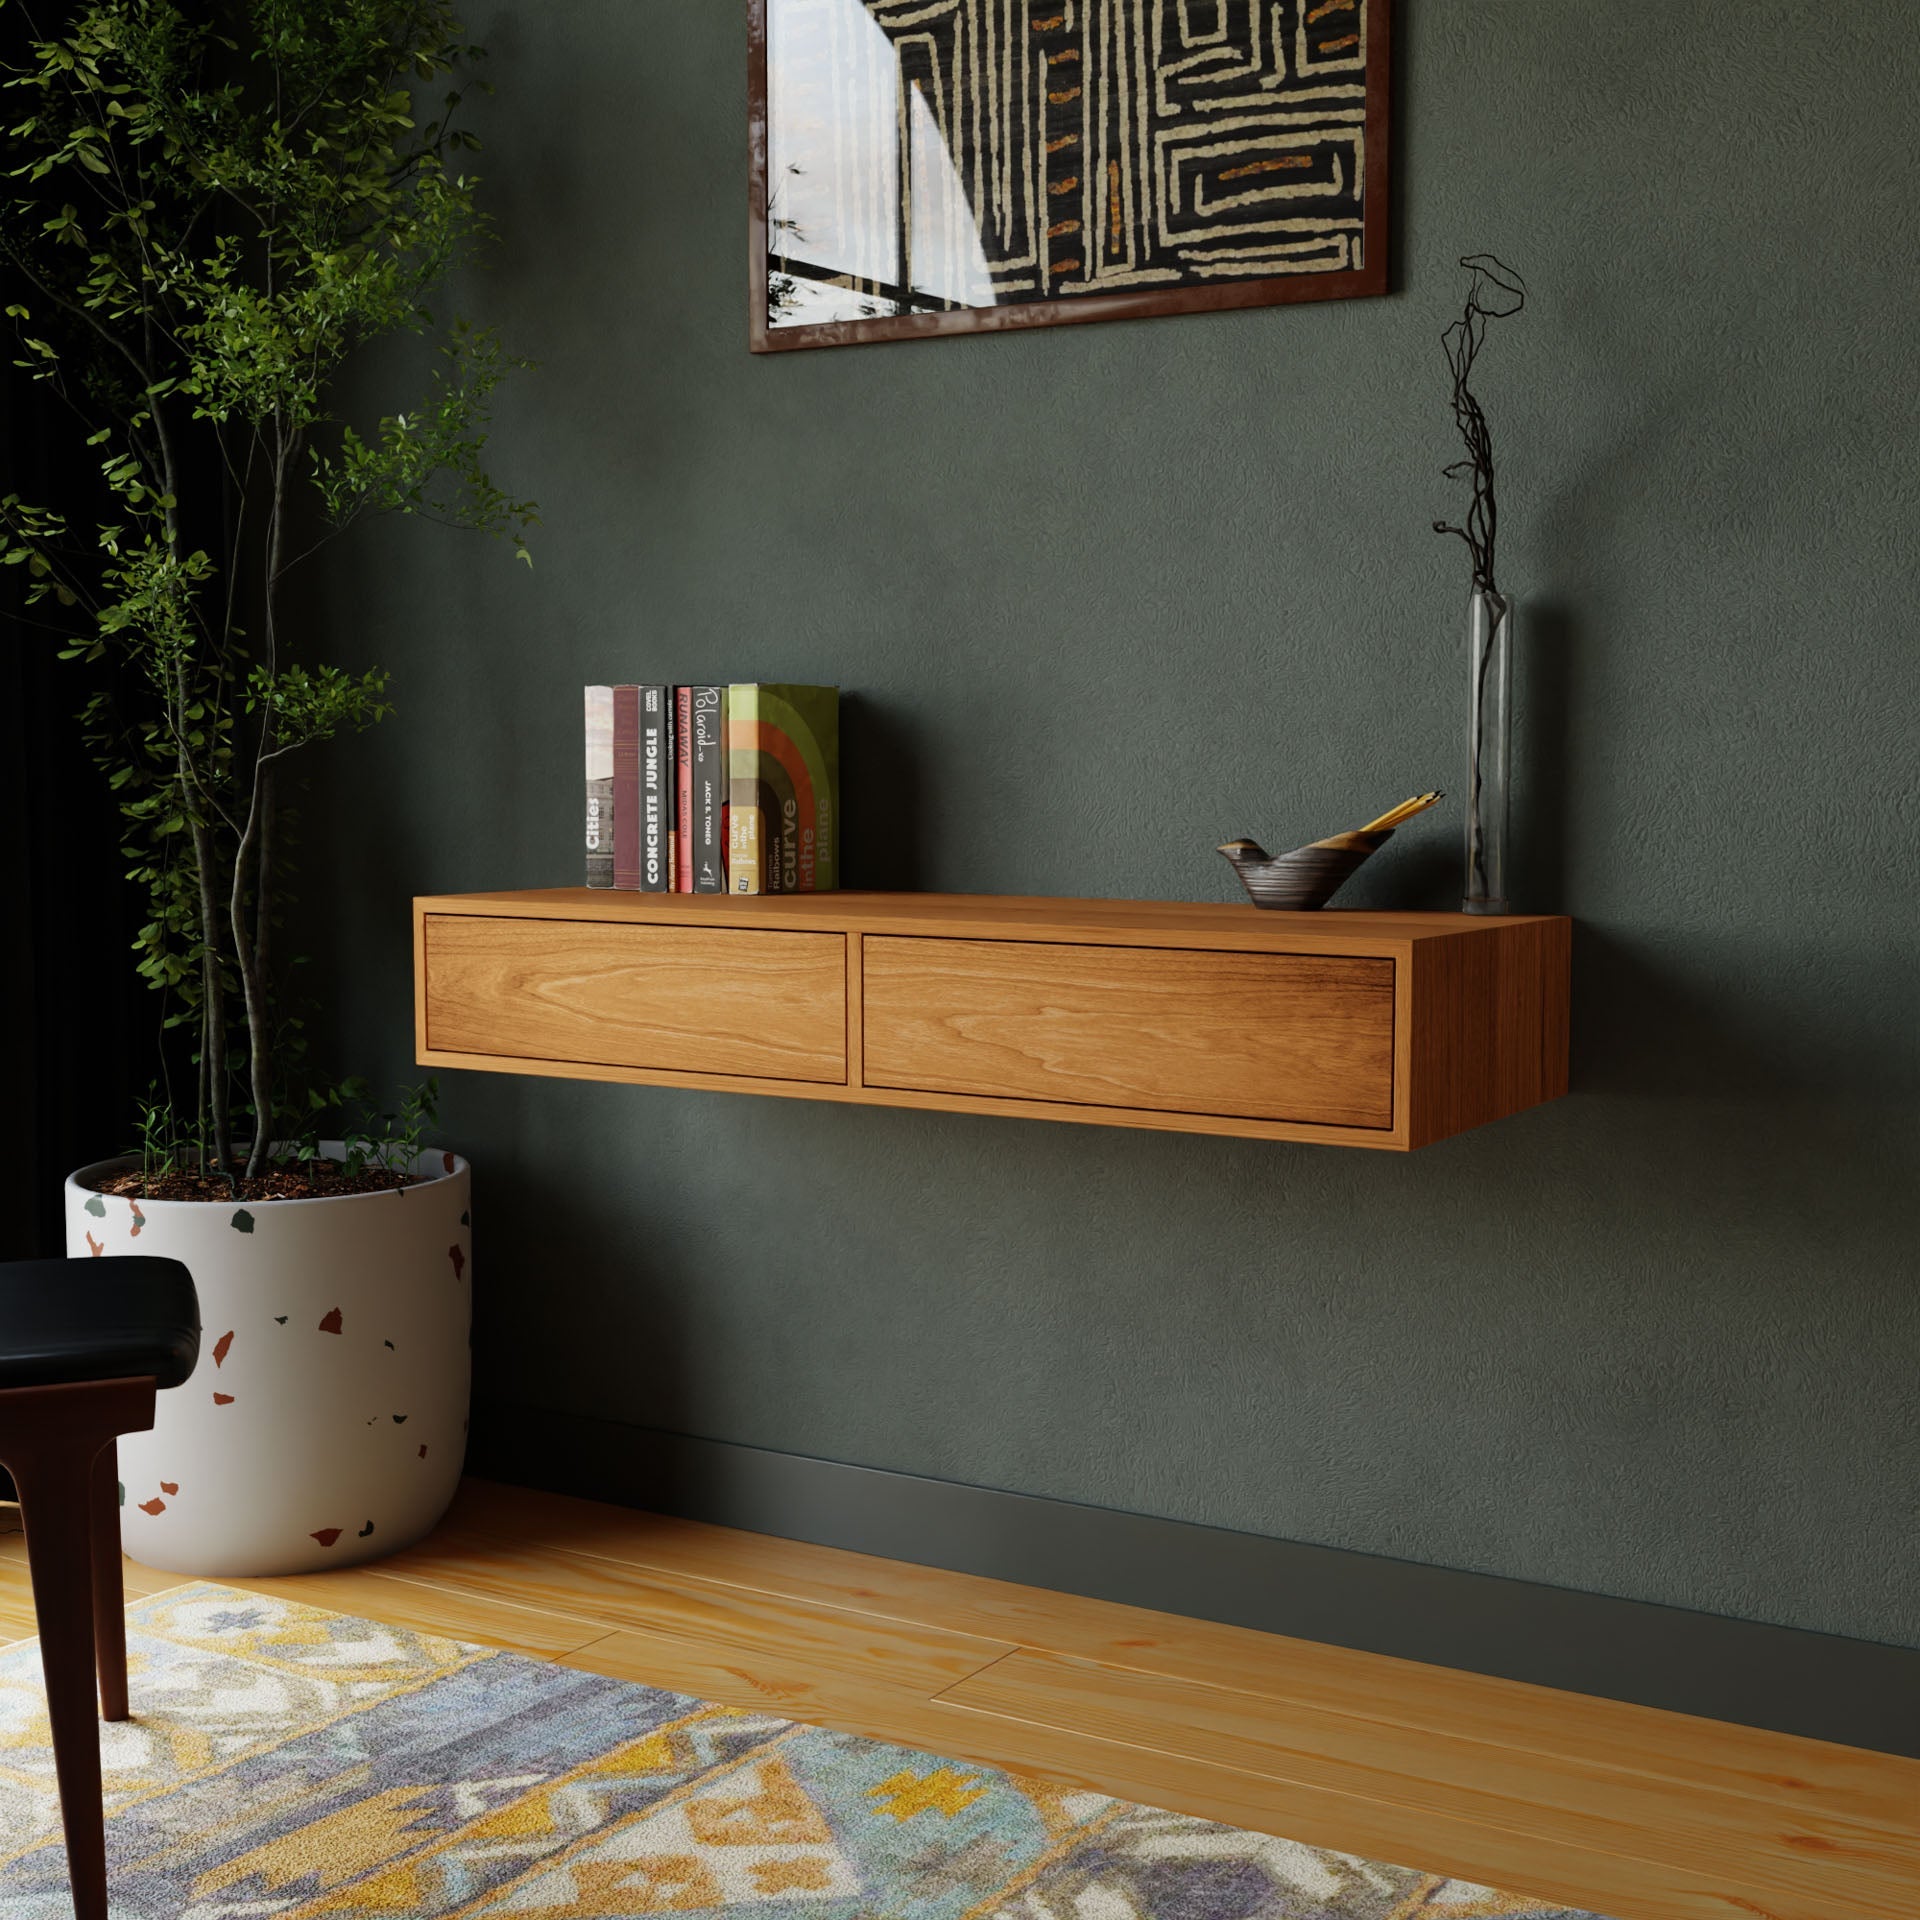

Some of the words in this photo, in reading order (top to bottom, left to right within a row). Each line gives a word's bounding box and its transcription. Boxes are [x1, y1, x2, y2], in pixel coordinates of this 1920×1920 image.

[647, 728, 658, 790] JUNGLE
[679, 693, 689, 767] RUNAWAY
[586, 798, 599, 849] Cities
[647, 796, 658, 884] CONCRETE
[784, 799, 796, 889] curve
[817, 799, 829, 862] plane

:::

• _Exercise objective_
Reproduce the data exactly as it appears above. Pictures are to be left out.

• _Answer box_
Some of the words in this photo, in reading order (top to bottom, left to right within a row). Each line gives a word's bounding box and its transcription. Boxes are [x1, y1, x2, y2], in pixel coordinates of this 1920×1920 image.

[647, 728, 658, 790] JUNGLE
[679, 693, 689, 767] RUNAWAY
[586, 798, 599, 849] Cities
[647, 796, 658, 884] CONCRETE
[784, 799, 796, 889] curve
[817, 799, 829, 862] plane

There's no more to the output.